Era muy tarde cuando intentó dormir, tras recibir las atenciones de sus hijos y de su primo. Hasta la odiosa nuera, Luisa de Rojas, había acudido al pie de la cama, mirando en silencio mientras le acercaban la cuchara con el en aquella circunstancia intragable caldo de pollo, aunque reconfortante en otras tesituras, que apresuradamente aprestó su siervo el portugués lagartijoide degollando un capón tomatero con completa habilidad.
Hacía pocos días que el marido de aquella desagradable indiana, su querido hijo Íñigo, había partido al Perú. Sentía su falta, lo echaba terriblemente de menos. Ahora, con su ausencia, se había acabado de convencer de que era el mejor hijo que tenía, el sobresaliente entre todos los demás en condiciones humanas, en sinceridad y en amor filial.

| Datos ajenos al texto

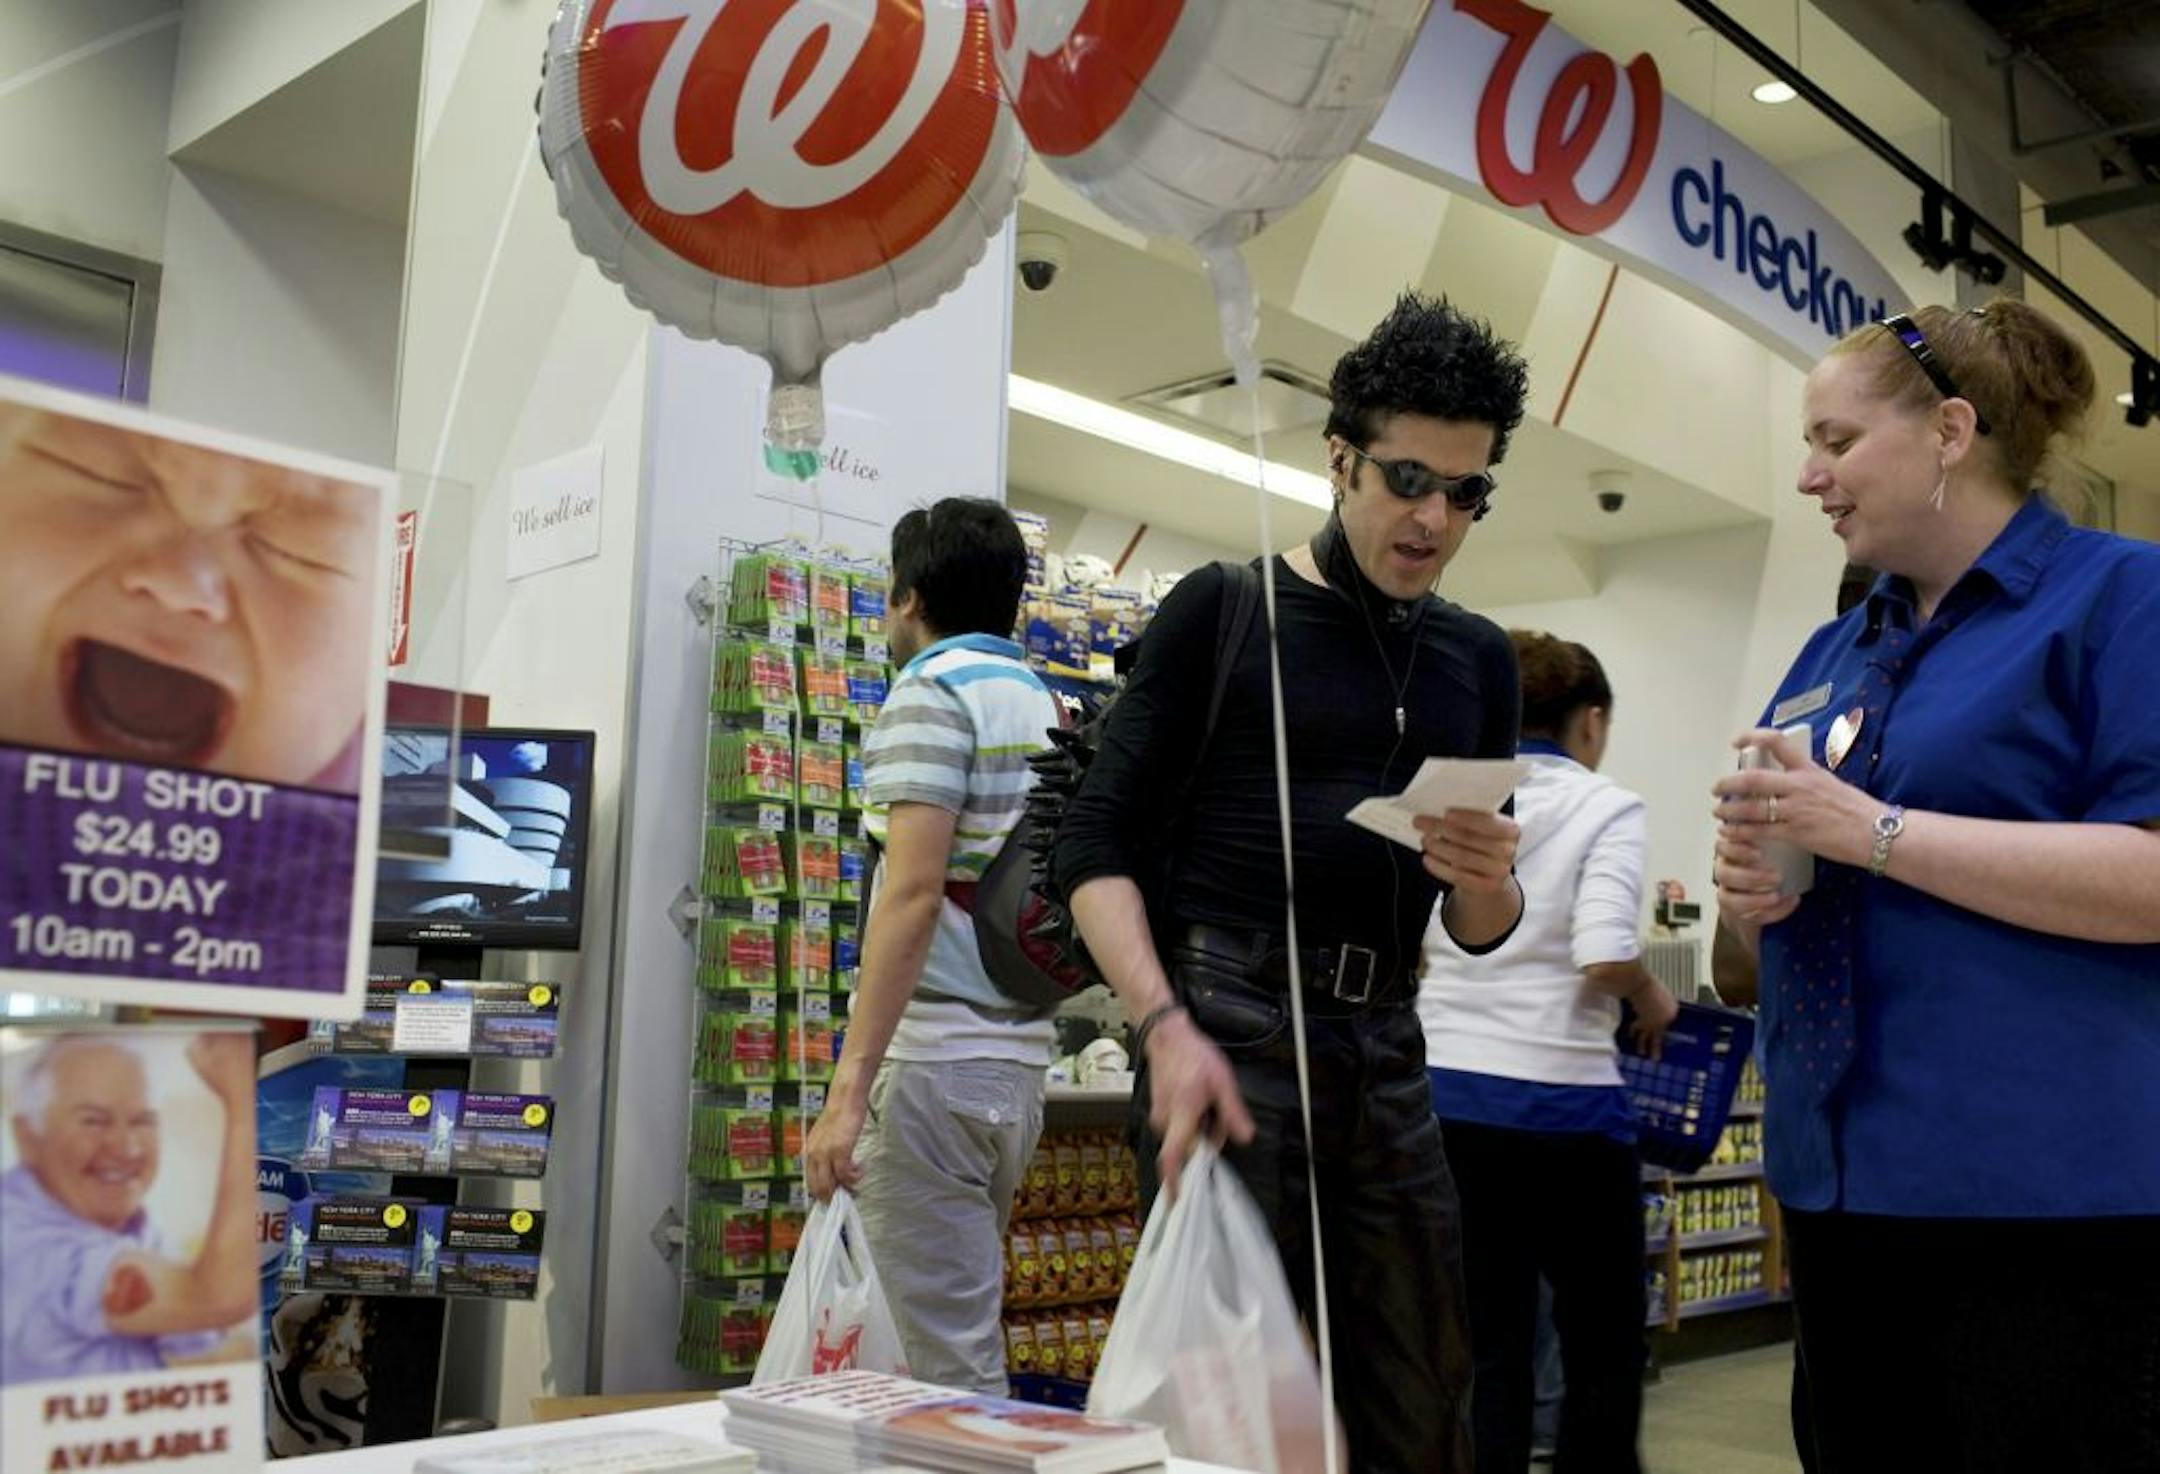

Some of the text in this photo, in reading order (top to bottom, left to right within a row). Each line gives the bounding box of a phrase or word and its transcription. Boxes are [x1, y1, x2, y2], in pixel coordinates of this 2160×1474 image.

Pero aquella extraña mujer con su aire entre hosco y digno, que aparentaba saber de todo y que lo trataba con frialdad casi despreciativa, era otro factor para que en las últimas semanas se encontrara desasosegado, ansioso e irrascible.
Luego estaba la obligación de llevar la Alcaldía del pueblo, que le había tocado aquel nefasto año de 1555, con sus asfixiantes compromisos, el tiempo que aquel nombramiento le robaba, las interminables reuniones con los Regidores, la mareante contabilidad y las tediosas visitas de inspección.
Se sentía viejo, pero no quería abandonar, no quería entregar el mando. Su naturaleza soberbia le exigía un sobreesfuerzo y él se lo entregaba a diario, aunque tuviera que acabar las jornadas exánime, disimulando, recurriendo al alcohol para sobreponerse.
La noche del lunes 28 de octubre al martes 29, del dicho año de 1555, fué cambiante y fantasmagórica sobre las lomas onduladas del Aljarafe. El viejo Diego había dado esquinazo a algún habitual acompañante, porque lo que pretendía no era precisamente supervisar el orden del pueblo antes de ir a la cama. Hombre de líbido desordenada, —si líbido y desorden no son una misma cosa, por suerte o por desgracia—, mientras más reveses le daba la fortuna, más necesidad tenía de practicar una actividad sexual que, por el otro lado, no era en su caso especialmente común, ni aún en aquellos tiempos de cosificación de las mujeres. Todavía apreciaba unas posaderas redondas y duras, la calidez de unos muslos aterciopelados, pero trataba a sus eventuales parejas como a seres inferiores, casi como a animales domésticos.
Diego Ortiz de Juanguren conocía las idas y venidas de todo el vecindario, porque durante el año casi por completar que llevaba de titular de la Alcaldía recibía constantes y detallados informes de la actividad de la población. Estaba al tanto de en qué casas las esposas se encontraban solas, esperando a maridos emigrados a comarcas más productivas; conocía además las debilidades de fulanas y menganas y zutanas, sus vidas ocultas, sus intimidades; y sabía, y esto era importante para él, donde disfrutar de la compañía de alguna jovencita aunque hubiere que desembolsar unos maravedíes en la abierta y discreta mano materna. Le atraían las castillejanas, las naturales de la Villa, acaso porque nunca logró integrarse en ella y porque creía que por esta vía avanzaba en tal integración, o al menos se vengaba de quienes —pensaba paranoicamente— la entorpecían.
De manera que, tomando su vara de la justicia, salió a la Plaza doblando la esquina de la iglesia cuando ya era ida la última luz del día, y siguiendo un mapa mental previamente dibujado se dispuso a rondar casas prometedoras de besos y abrazos que consolasen este año ácido de su vejez agria. Siendo lunes, la gente trabajadora, desengañada de la ilusión dominical de ropa nueva y paseo, se había hundido pronto en sus lechos, en busca del olvido de la cruz de la labor diaria, que Morfeo les ofrecía acaso para reclamárselo con intereses a la mañana siguiente.
Apenas se cruzó con alguien. Consiguió su objetivo en cierta casa, en la que ya era sobradamente conocido. Salió satisfecho, percibiendo en sus vestiduras el olor de hembra, y volvió hacia la Plaza, a despedirse de los noctámbulos que en la posada de Juan Garcia echaban la última partida a los naipes.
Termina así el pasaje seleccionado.